Decided: December 17, 2015
The Fourth Circuit reversed the order of the district court and remanded the case for further proceedings.
On February 5, 2009, Plaintiff Jeffrey Pearson (“Pearson”) was laid off from his most recent job. Six weeks later, Pearson applied for Social Security disability benefits under Titles II and XVI of the Social Security Act. Pearson claimed to be disabled due to arthritis of the spine, degenerative joint disease and a torn rotator cuff in his right shoulder, shin splints, degenerative artery disease in his feet, a hiatal hernia, irritable bowel syndrome, post-traumatic stress disorder, depression, and anxiety. Pearson’s application was initially denied and an administrative law judge (ALJ) affirmed the denial. The Social Security Appeals Council (Appeals Council) granted Pearson’s request for review and remanded the case for further consideration, including testimony from a vocational expert.

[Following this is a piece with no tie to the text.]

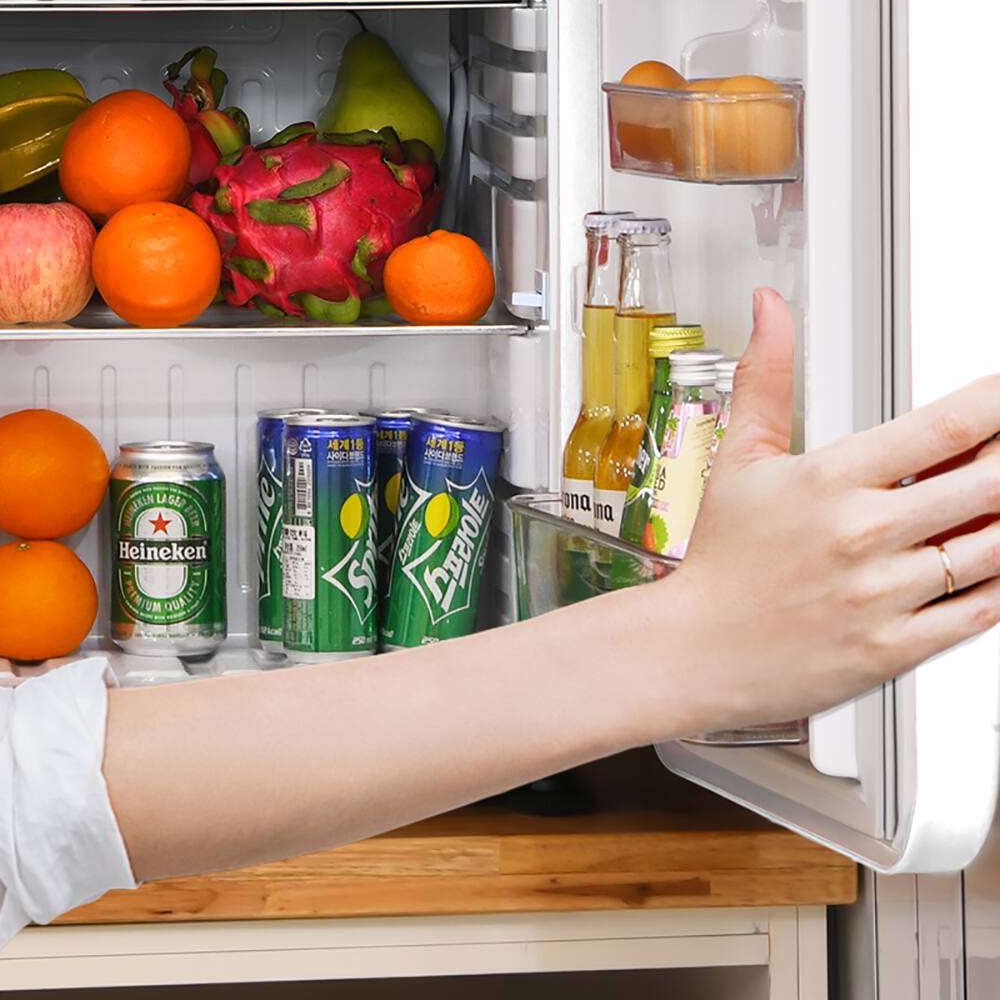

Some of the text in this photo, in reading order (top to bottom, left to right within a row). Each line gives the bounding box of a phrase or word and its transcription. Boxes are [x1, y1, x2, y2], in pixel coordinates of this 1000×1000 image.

[156, 493, 187, 508] LAGER
[119, 541, 207, 561] Heineken
[164, 580, 200, 611] QUALITY

At the second ALJ hearing, the ALJ posed several scenarios to the vocational expert. The expert testified that the hypothetical individual with Pearson’s disabilities would have been unable to perform Pearson’s previous jobs, but that Pearson could perform many other jobs in the national economy The expert did not mention any conflicts between his testimony and what is contained within the Dictionary of Occupational Titles (“Dictionary”). As such, the ALJ affirmed its initial denial of benefits to Pearson. The ALJ concluded the Pearson could not perform his past jobs, but that he could perform jobs that exist in a significant number in the national economy. The Appeals Council denied a second review. Next, Person filed this action in federal court. The magistrate judge recommended a grant of summary judgment for the Social Security Administration Commissioner (“Commissioner”). Person filed objections, but the district court adopted the magistrate judge’s recommendation.

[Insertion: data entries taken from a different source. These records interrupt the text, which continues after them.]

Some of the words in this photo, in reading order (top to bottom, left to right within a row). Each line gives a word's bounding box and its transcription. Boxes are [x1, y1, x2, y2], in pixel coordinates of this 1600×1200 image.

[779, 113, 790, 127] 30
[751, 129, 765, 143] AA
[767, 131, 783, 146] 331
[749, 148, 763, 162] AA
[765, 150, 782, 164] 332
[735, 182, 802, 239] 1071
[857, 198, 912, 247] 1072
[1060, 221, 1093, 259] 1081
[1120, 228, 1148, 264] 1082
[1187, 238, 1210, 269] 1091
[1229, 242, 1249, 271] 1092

On appeal, the Fourth Circuit noted that it must uphold the determination of the ALJ when it has applied correct legal standards and the factual findings are supported by substantial evidence. Pearson argued that the ALJ must do more than simply ask the vocational expert if his testimony conflicts with the Dictionary. The Commissioner disagreed, and argued that the ALJ only has the single “affirmative responsibility” to ask the vocational expert whether his testimony conflicts with the Dictionary. The Court agreed with Pearson and held that the ALJ must independently identify conflicts between the expert’s testimony and the Dictionary. The Court found that, in this case, the expert’s testimony conflicted with the Dictionary. However, the Court noted that this simply “means that the ALJ and the expert should address exactly what form of reaching the stated occupations require and whether the claimant can fulfill those requirements.” Therefore, in this case, the vocational expert must testify as to how many of the possible positions do not require bilateral overhead reaching so that Pearson could perform all aspects of the job. If there are a sufficient number of the positions that do not require frequent bilateral overhead reaching, then the ALJ can properly find that Pearson is not disabled.
Accordingly, the Court reversed the judgment of the district court and remanded the case with instructions to remand it to the Commissioner for further proceedings.